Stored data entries

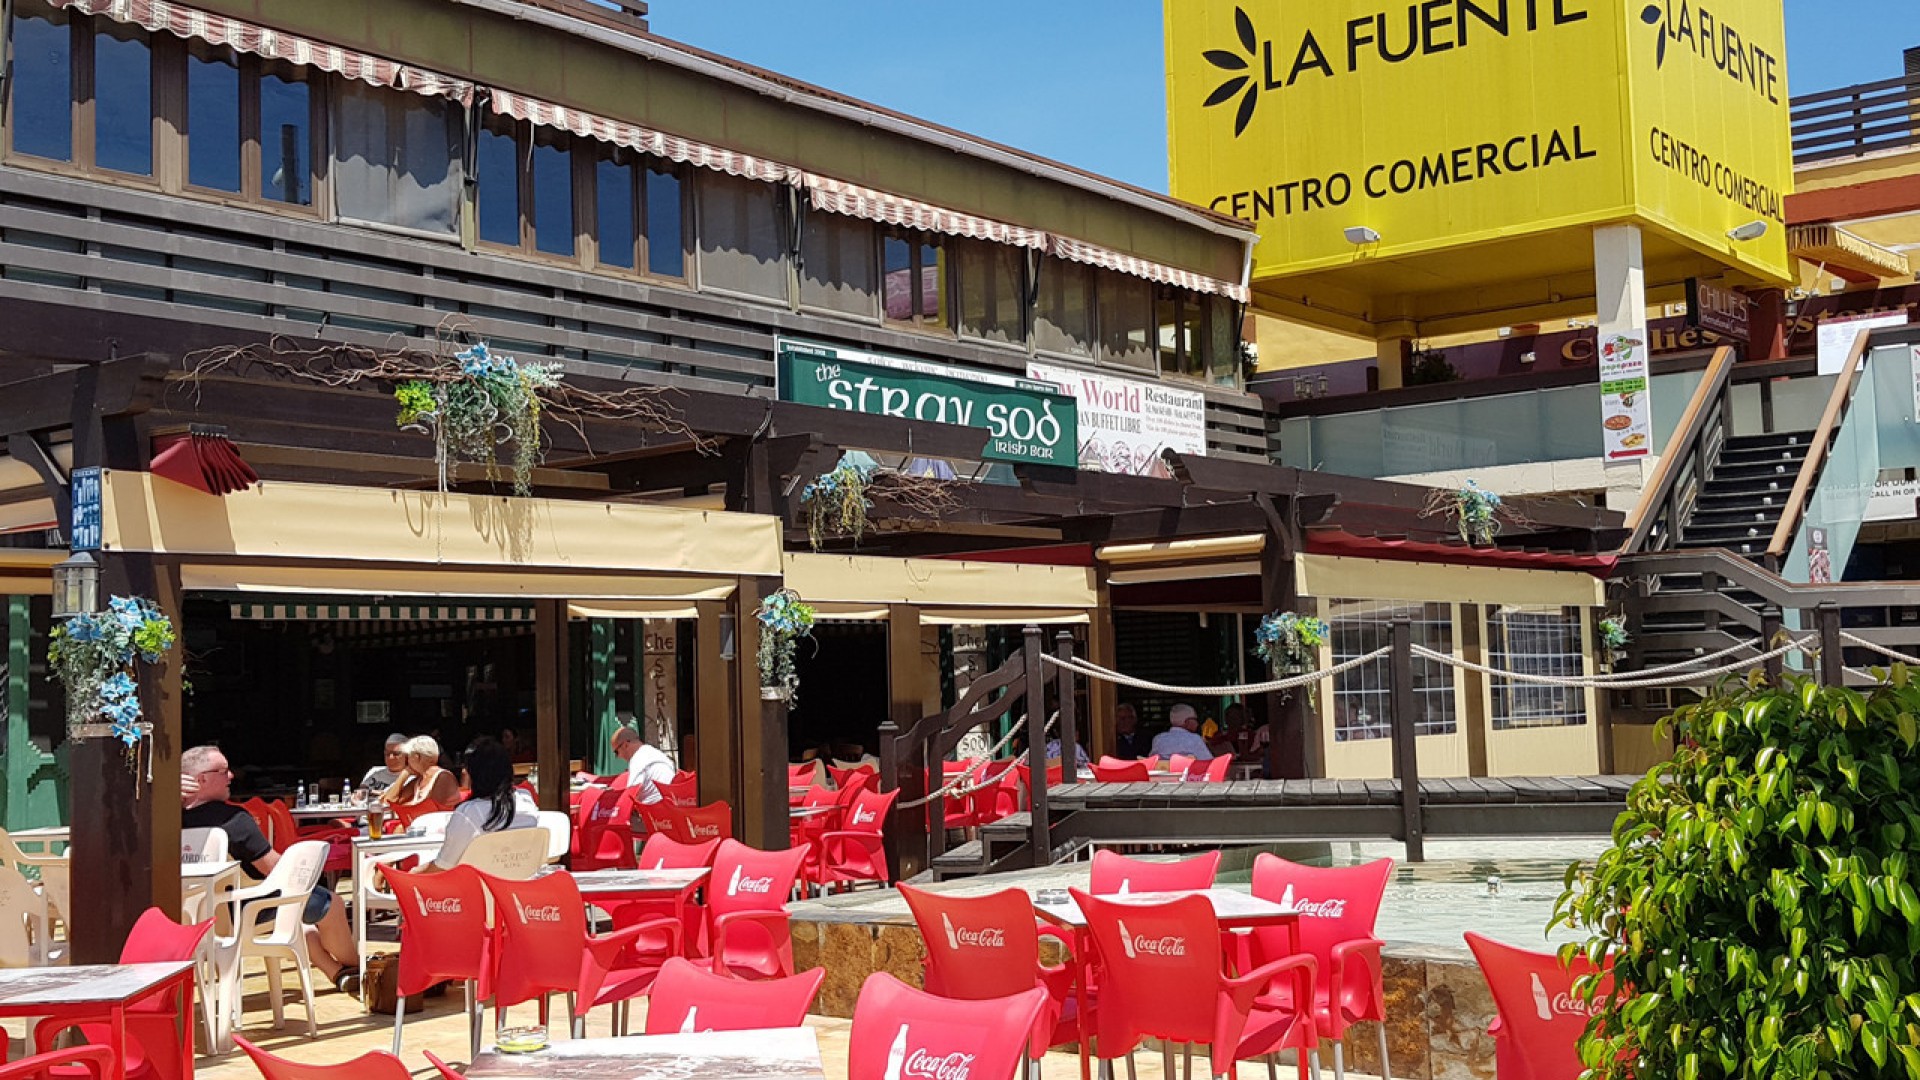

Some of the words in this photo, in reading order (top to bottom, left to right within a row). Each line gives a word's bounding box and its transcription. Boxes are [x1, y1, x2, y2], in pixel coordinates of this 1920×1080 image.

[1263, 29, 1334, 90] LA
[1667, 0, 1697, 53] LA
[1699, 7, 1778, 105] FUENTE
[1364, 125, 1597, 199] COMERCIAL
[1650, 127, 1710, 187] CENTRO
[1714, 162, 1784, 224] COMERCIAL
[815, 363, 840, 381] the
[1082, 378, 1141, 413] World
[1145, 386, 1203, 410] Restaurant
[957, 927, 1006, 947] Coca-Cola
[1134, 935, 1186, 956] Coca-Cola
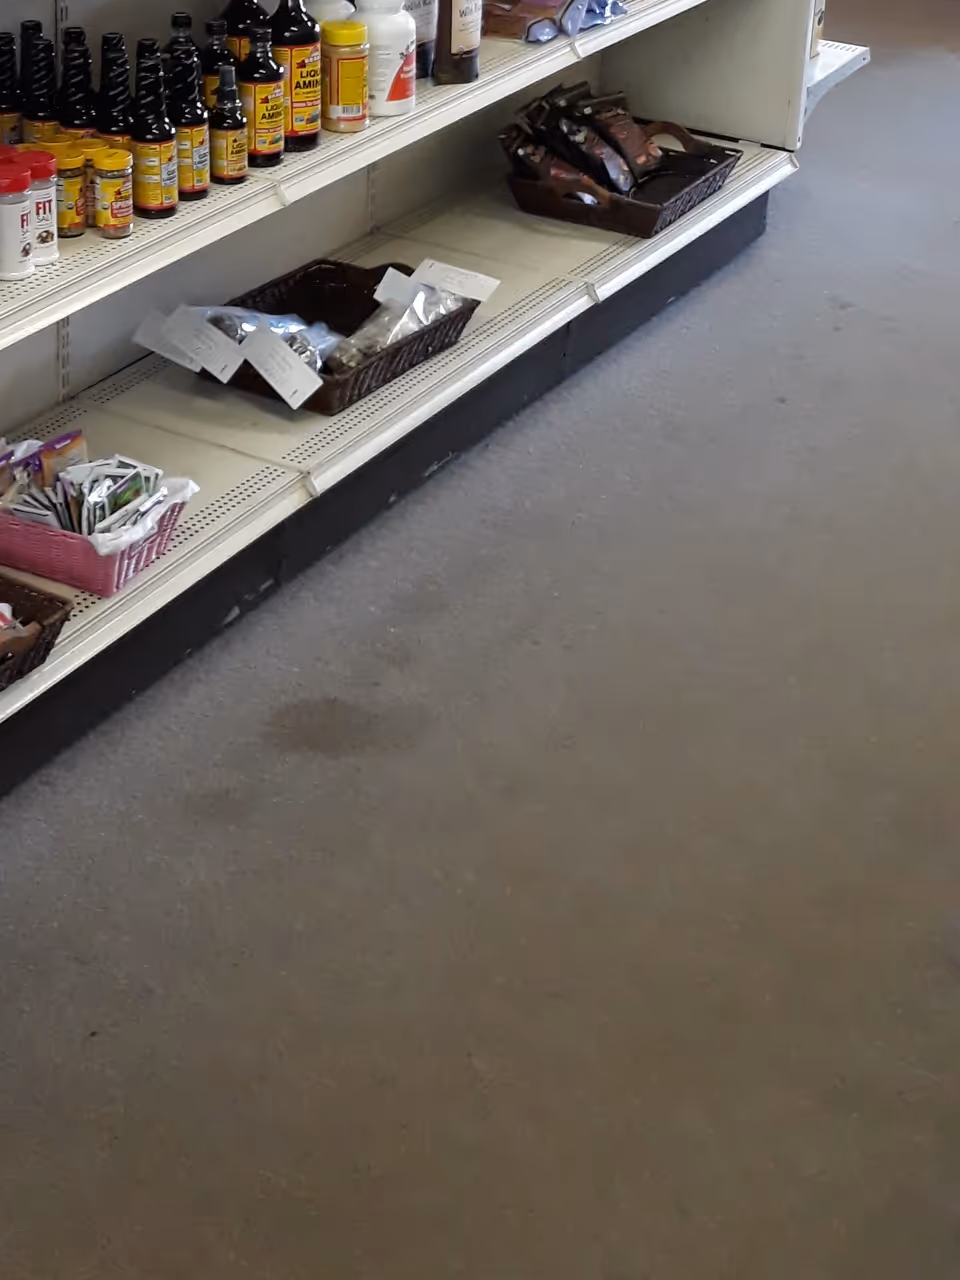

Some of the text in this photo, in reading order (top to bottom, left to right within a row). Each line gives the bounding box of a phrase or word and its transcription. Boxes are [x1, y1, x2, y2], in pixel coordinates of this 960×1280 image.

[294, 80, 320, 90] AMIN
[261, 111, 283, 120] AMIN
[35, 199, 53, 216] FIT
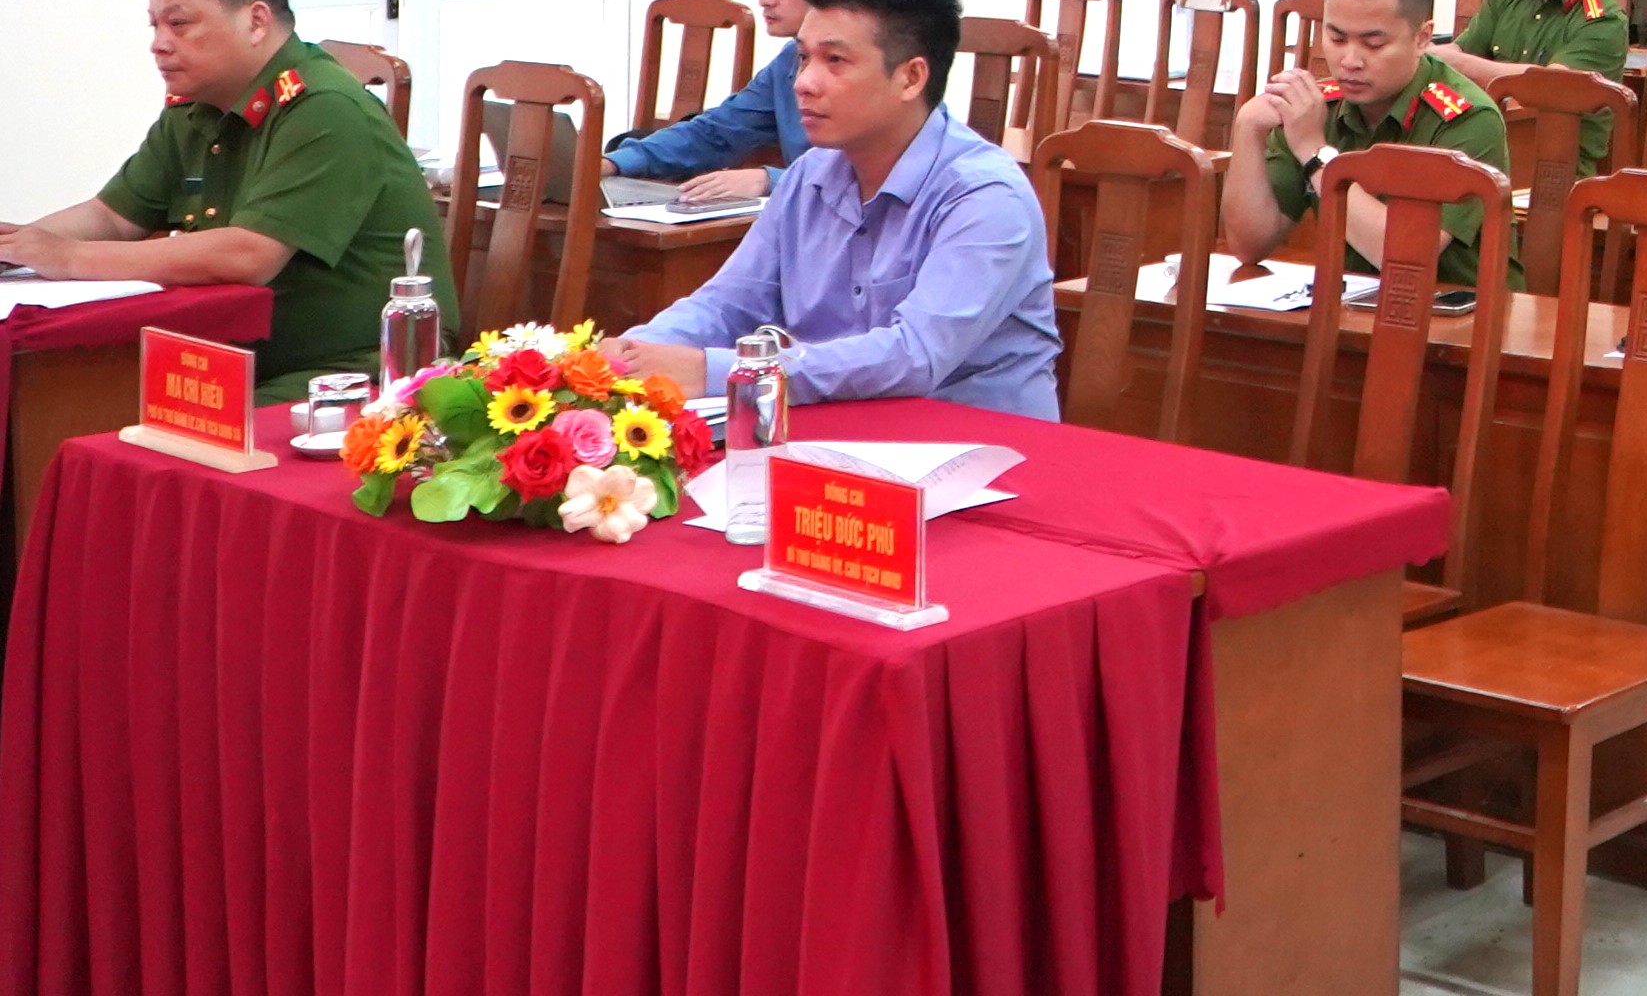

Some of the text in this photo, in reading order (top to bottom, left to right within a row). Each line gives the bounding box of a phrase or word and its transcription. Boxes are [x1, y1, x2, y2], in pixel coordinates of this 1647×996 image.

[166, 373, 182, 399] MA
[794, 504, 895, 556] TRIỆU ĐỨC PHÚ

▶ [Exercise aim]:
Copy out all of the data word for word. Do not carry over any picture.

▶ [Answer to this problem]:
Some of the words in this photo, in reading order (top to bottom, left to right within a row). Each line gives a word's bounding box and its transcription. Boxes are [x1, y1, x2, y2], in pixel coordinates of this 1920×1080 image.

[1263, 29, 1334, 90] LA
[1667, 0, 1697, 53] LA
[1699, 7, 1778, 105] FUENTE
[1364, 125, 1597, 199] COMERCIAL
[1650, 127, 1710, 187] CENTRO
[1714, 162, 1784, 224] COMERCIAL
[815, 363, 840, 381] the
[1082, 378, 1141, 413] World
[1145, 386, 1203, 410] Restaurant
[957, 927, 1006, 947] Coca-Cola
[1134, 935, 1186, 956] Coca-Cola

Some of the text in this photo, in reading order (top to bottom, left to right within a row). Each line gives the bounding box of a phrase or word and its transcription. Boxes are [x1, y1, x2, y2], in pixel coordinates of this 960×1280 image.

[294, 80, 320, 90] AMIN
[261, 111, 283, 120] AMIN
[35, 199, 53, 216] FIT

Some of the text in this photo, in reading order (top to bottom, left to right within a row). Each line gives the bounding box of a phrase or word and its transcription. Boxes are [x1, y1, x2, y2], in pixel coordinates of this 1647×996 image.

[166, 373, 182, 399] MA
[794, 504, 895, 556] TRIỆU ĐỨC PHÚ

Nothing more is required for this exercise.